Bike biomechanics myths
Now that you know what a bicycle biomechanical analysis is and how you can adjust your home cycle bike to your ideal height let’s look at some widespread myths about bicycle biomechanics, in general. These are as follows:
Hips move sideways because the saddle is high
This statement is false. The movement of the hips while cycling can mean many things, in fact, there are many cyclists who move their hips with the saddle low because they are in the habit of moving from side to side while pedaling.
The further forward the cleats are, the better
One of the most widespread myths in cycling is that more forward cleats allow you to pedal better because you have leverage with the head of the first metatarsal of your feet, but in reality this is an idea that has not been proven. According to some studies, setting the cleat back slightly by 6 to 8 mm with respect to the pedal axis usually results in a better pedaling sensation.
Knees should be straight to improve pedaling and avoid injury
This statement is not entirely true; what causes knee injuries is pedals that are too high or too low. The alignment of the knees is secondary, since a slight lateral deviation is normal, either towards the frame or outwards, and this depends on the individual technique of each cyclist, as well as the anatomy of the hip. In any case, it is best to pedal with straight knees to optimize the application of force.
Pedals with a lot of play prevent knee injuries.
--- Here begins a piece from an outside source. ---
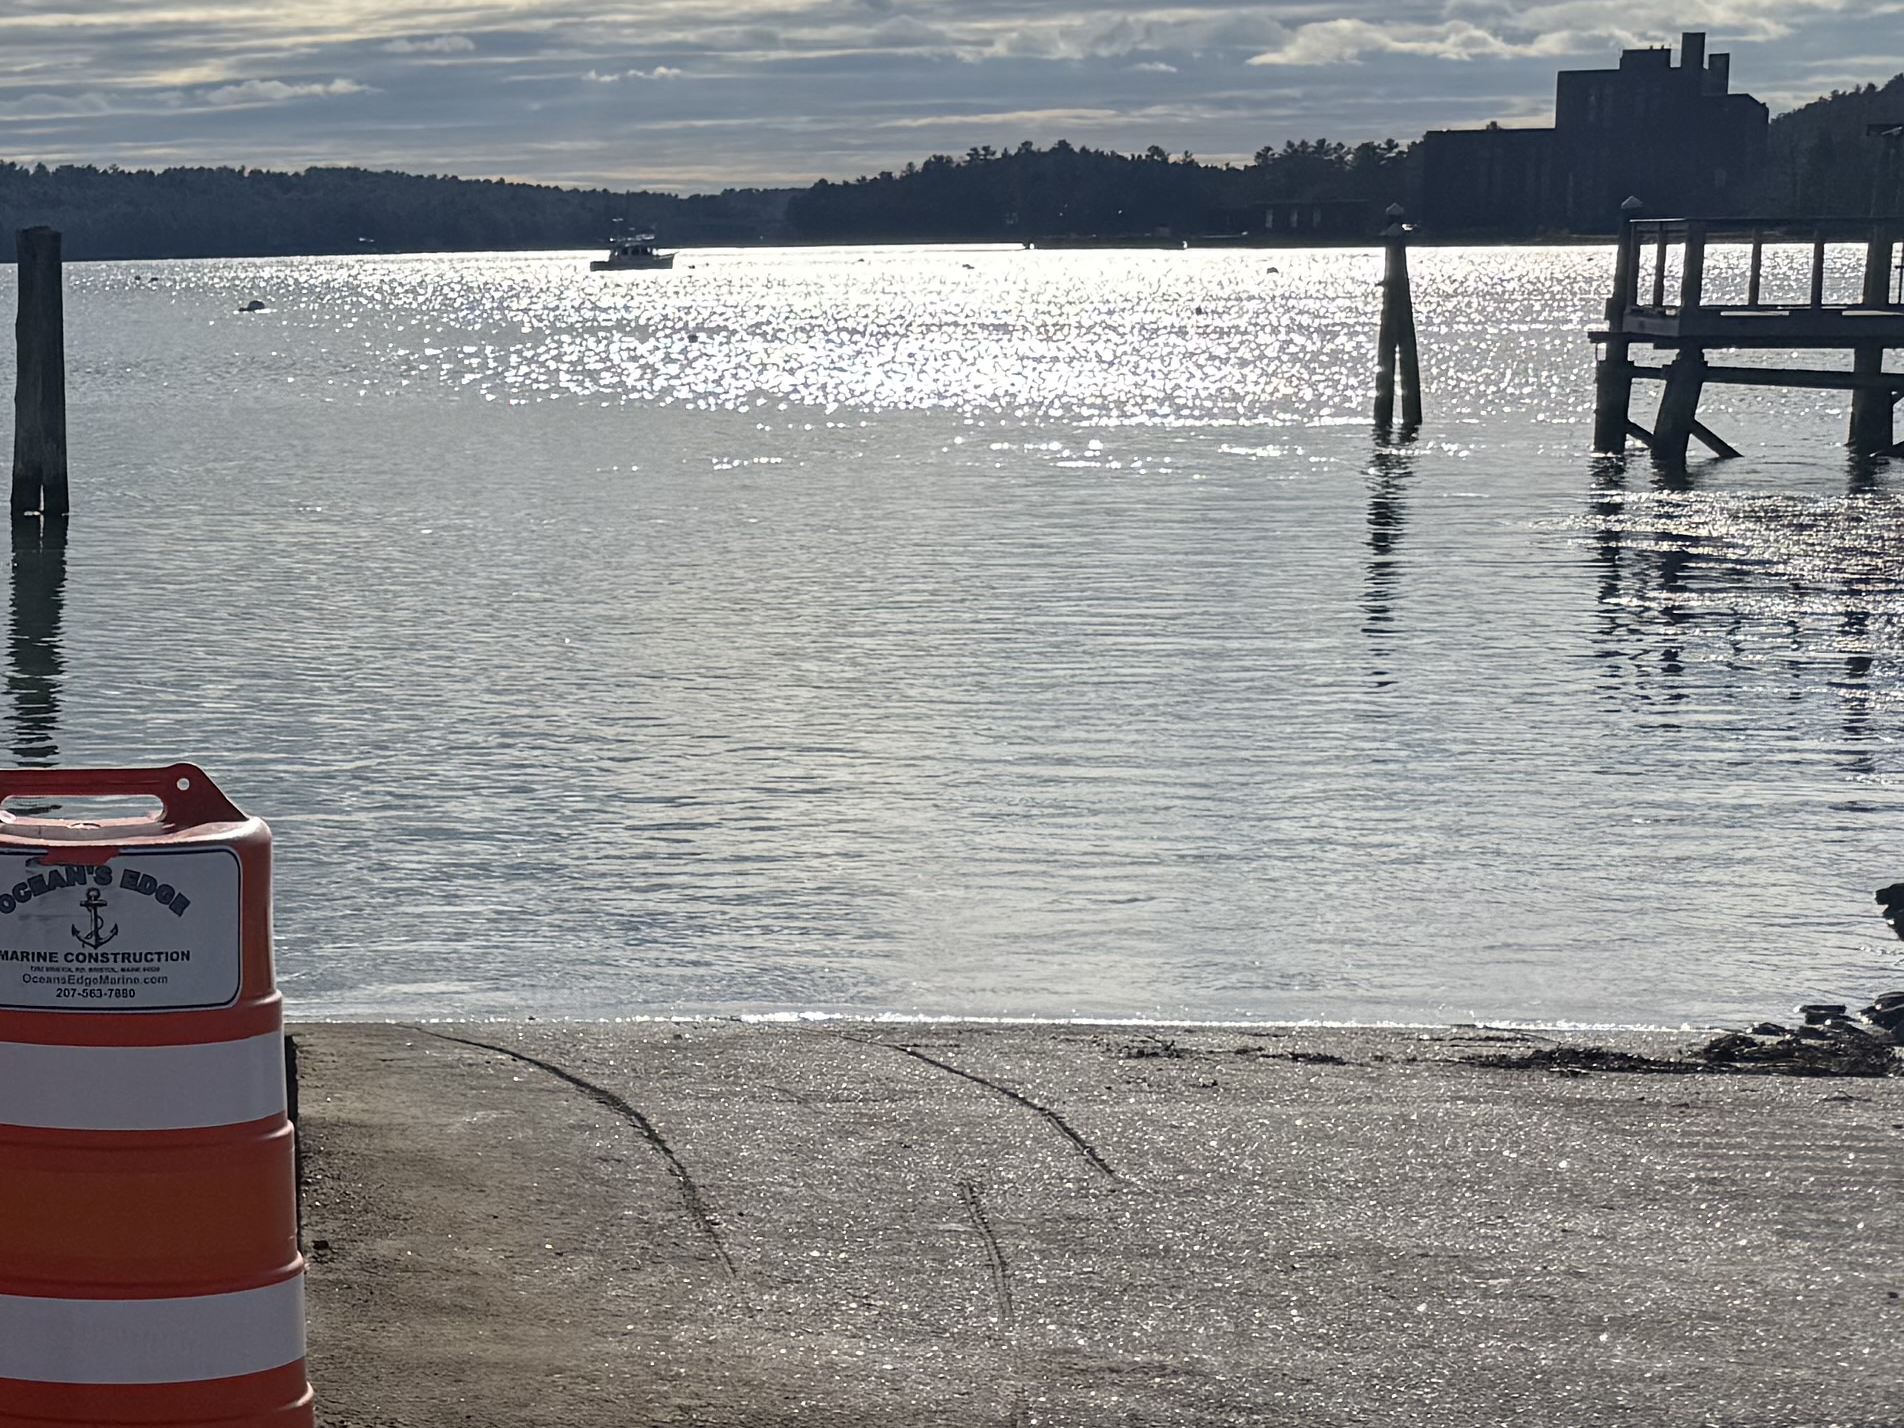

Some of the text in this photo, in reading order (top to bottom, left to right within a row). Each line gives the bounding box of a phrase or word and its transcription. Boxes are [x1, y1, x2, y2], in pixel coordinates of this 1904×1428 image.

To reiterate our previous answer, what really causes knee injuries is a poorly adjusted saddle that is too high or too low for each rider. However, the fact that there is discomfort when pedaling with fixed cleats or with little movement is due to the fact that these have not been placed correctly.
It is better to pedal round
Round pedaling is based on applying force to the pedal during the entire pedaling cycle, without any dead spots in the session and applying force both in the downward phase and in the recovery phase of the pedal stroke -that is, when the pedals are pulled upward in the upward phase-. But is pedaling round better? Certainly not. It has been shown on several occasions that pulling the pedals upwards worsens efficiency. This is not to say that cyclists with more depth can pedal more rounded because of their better muscle coordination, but this is a different matter.
The width of the ischium determines the width of the saddle.
Although the statement makes sense, this is not always the case. For example, when adopting a typical road position (with a back angle of 45°) the pelvis is rotated forward and the ischia do not rest on the saddle, but on the front bone surface. In the end it all depends on the type of cycling we are going to practice and the characteristics of each cyclist.